So as I took last week off -- with some readers fearing I'd been chained in a City Hall dungeon for writing the words "Mayor Chucky" -- an amazing thing happened. (I took the week off after Kass did, which is why you are going to get a slew of articles today.)
Mayor Richard Daley agreed he'd like City Hall to own a gigantic casino, with all the contracts to be overseen by a special city gaming board hand-picked by the mayor himself. Please don't call it the City Hall Casino or the Daley Casino. That's rude. Call it the Chumbolone Casino.
A casino with all the contracts and jobs and deals hidden from public view should be named for all of us chumbolones who believe taxes will decrease if the casino is built.

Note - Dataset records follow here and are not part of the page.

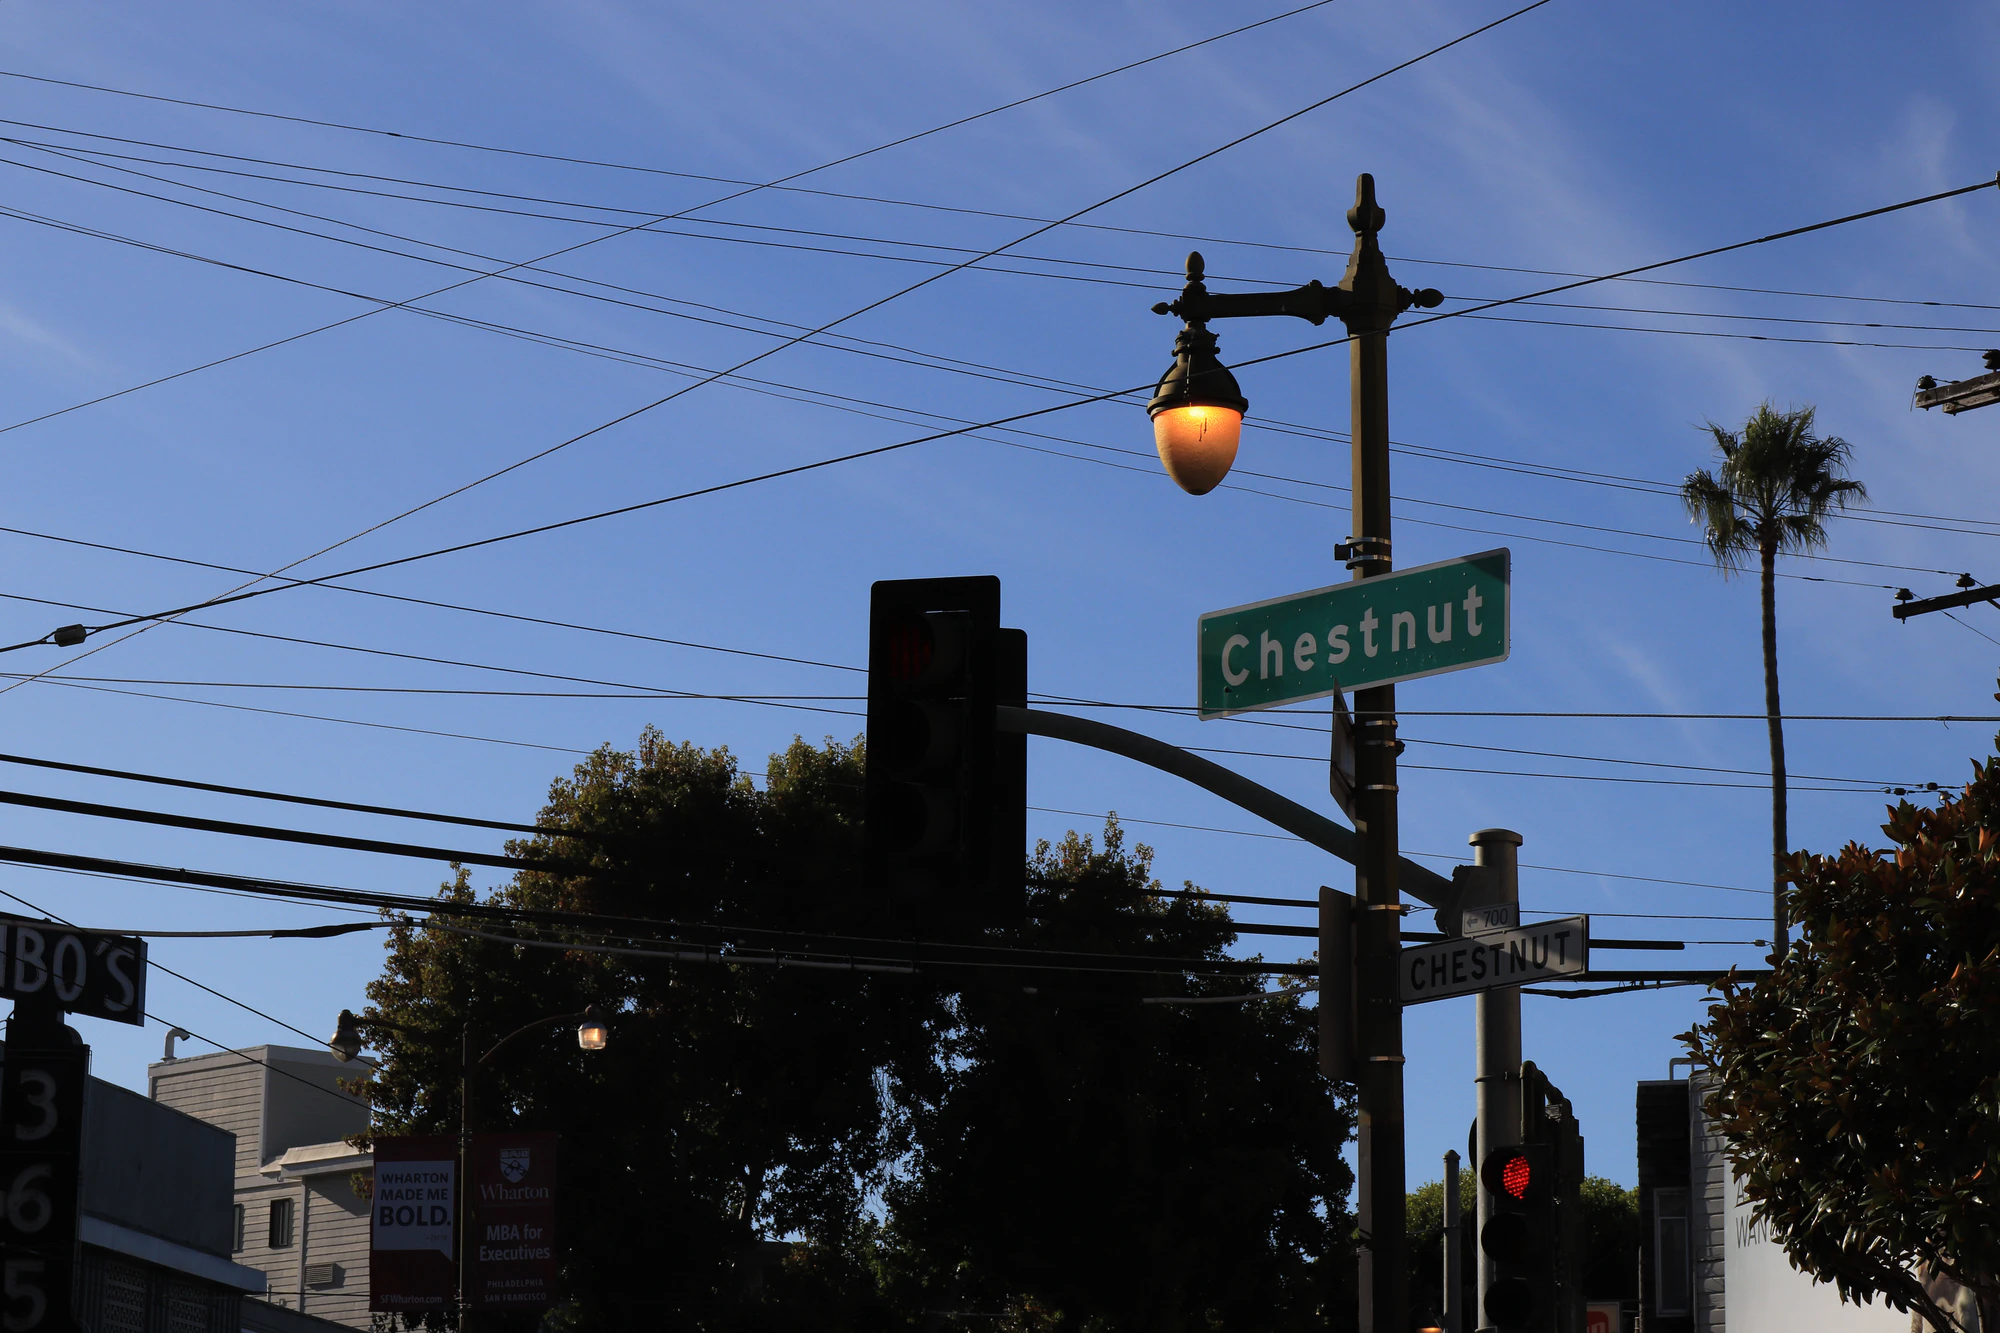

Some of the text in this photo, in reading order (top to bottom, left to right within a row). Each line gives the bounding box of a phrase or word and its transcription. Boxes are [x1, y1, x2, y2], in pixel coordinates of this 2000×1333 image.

[1221, 584, 1483, 687] Chestnut
[1483, 908, 1508, 928] 700
[0, 924, 136, 1012] BO'S
[1411, 930, 1570, 990] CHESTNUT
[381, 1172, 449, 1184] WHARTON
[380, 1188, 449, 1201] MADE ME
[480, 1183, 550, 1200] Wharton
[379, 1205, 452, 1227] BOLD.
[486, 1223, 543, 1241] MBA for
[479, 1243, 551, 1262] Executives
[487, 1278, 544, 1289] PHILADELPHIA
[380, 1294, 443, 1304] SFWharton.com
[484, 1292, 547, 1303] SAN FRANCISCO

So I'm calling on you, the readers of this column, to help the mayor by coming up with recommendations for the posts of Chumbolone Casino boss and on the Chumbolone Casino board.

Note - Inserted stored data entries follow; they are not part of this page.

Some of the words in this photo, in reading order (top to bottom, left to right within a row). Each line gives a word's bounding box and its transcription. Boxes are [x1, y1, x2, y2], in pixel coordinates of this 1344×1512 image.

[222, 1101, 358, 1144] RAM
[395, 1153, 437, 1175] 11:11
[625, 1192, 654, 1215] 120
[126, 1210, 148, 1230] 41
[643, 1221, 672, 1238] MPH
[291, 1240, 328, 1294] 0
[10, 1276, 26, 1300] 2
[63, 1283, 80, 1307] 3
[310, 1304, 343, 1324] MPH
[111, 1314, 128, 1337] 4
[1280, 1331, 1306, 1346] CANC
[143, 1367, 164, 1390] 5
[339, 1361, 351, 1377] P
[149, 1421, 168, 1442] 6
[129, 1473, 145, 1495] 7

The mayor has been under great stress, and nobody wants him to get angry and transform into the Mayor Chucky persona, which would terrify the Olympic selection committee. Let's help the mayor instead.

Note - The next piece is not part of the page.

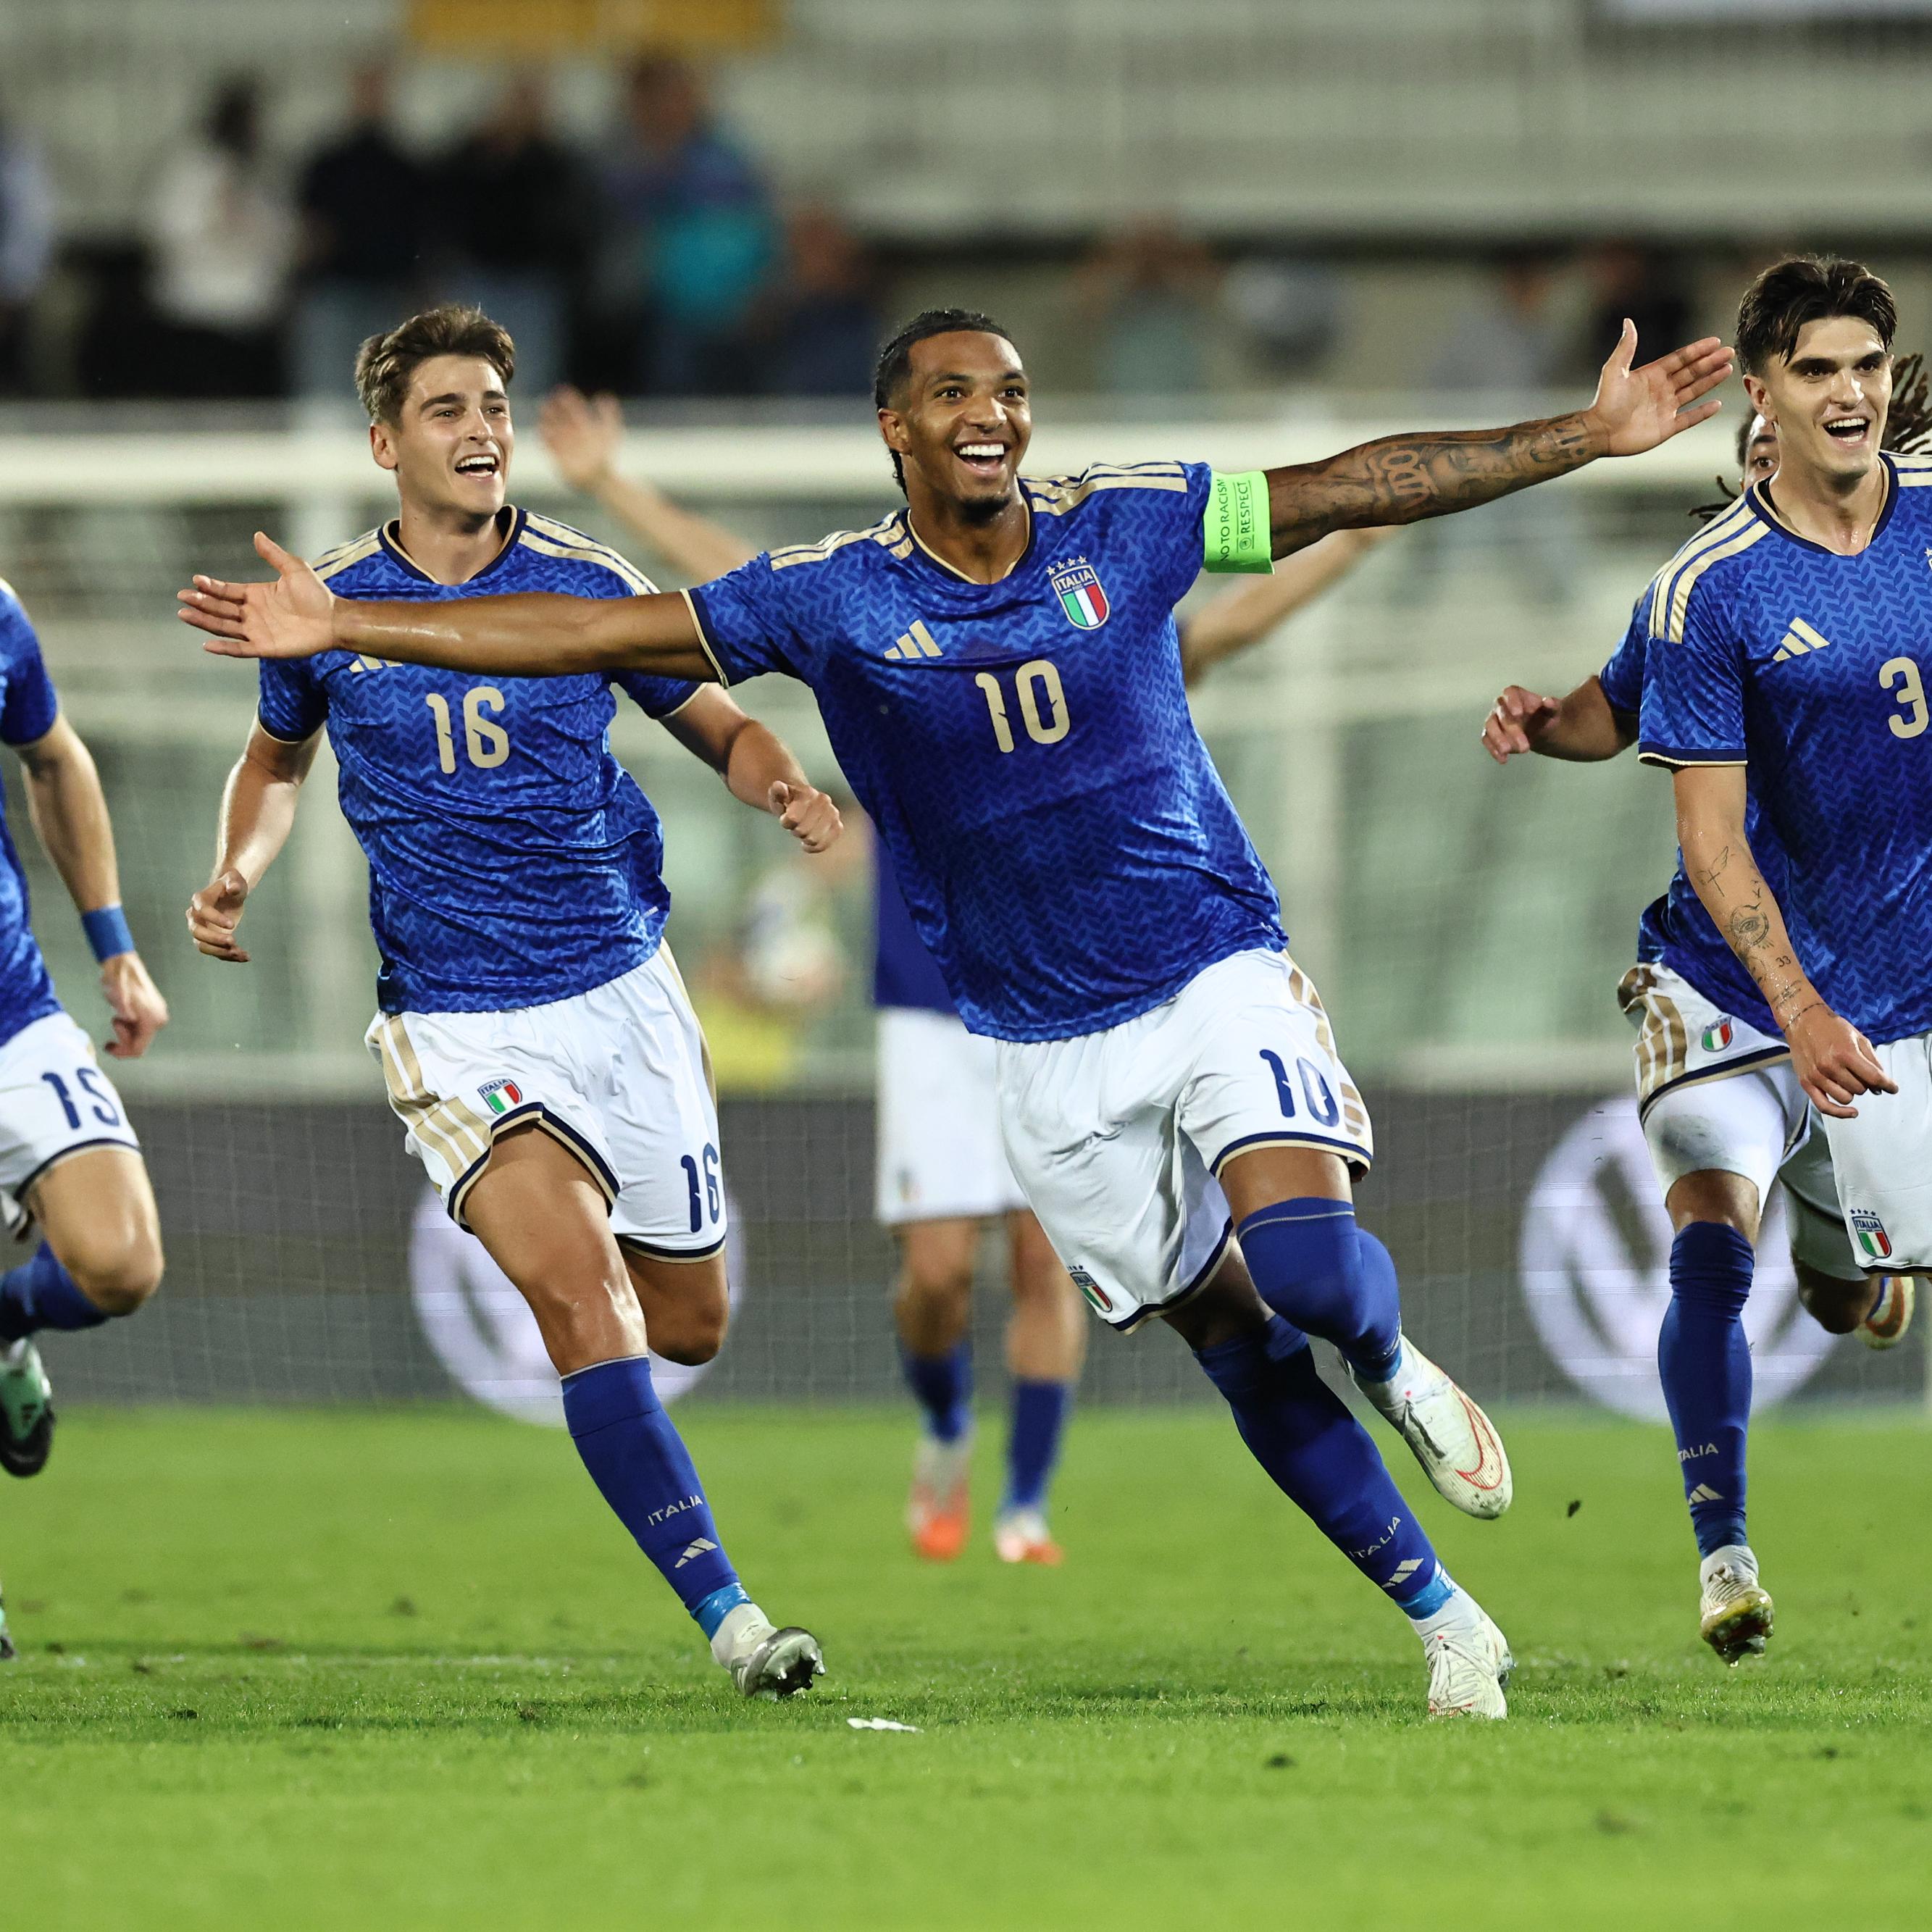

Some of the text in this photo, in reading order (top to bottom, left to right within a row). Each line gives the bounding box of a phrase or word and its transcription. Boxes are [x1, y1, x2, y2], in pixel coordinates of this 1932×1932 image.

Send your Chumbolone Casino recommendations to me, and we'll present them to the mayor in a special ceremony to be held either at the Polish sausage stand on 31st Street, or at Tavern on Rush, whichever he prefers.
"Who'll handle the patronage at the mayor's casino?" asked a loyal reader who calls himself Leprechaun. "There will be jobs there, right?"
Robert Sorich. Who else?
Sorich, the mayor's former patronage boss, was convicted in federal court as part of a scheme that rigged city job applications to illegally build massive patronage armies for the mayor, in direct violation of a federal court order. Sorich is appealing his conviction on mail fraud, not racketeering, as I'd reported recently.
But who'll run the gambling? I've got just the guy behind the guy:
Rayjo.
Rayjo -- known formally as Raymond John Tominello -- comes from the mayor's neighborhood. Nobody calls him Raymond, or Ray. They call him Rayjo.
I have a suspicion that the mayor may know Rayjo, but I've been waiting for those tough TV reporters who like spanking the Urkel out of the hapless Todd Stroger to ask Daley if he knows Rayjo, or not.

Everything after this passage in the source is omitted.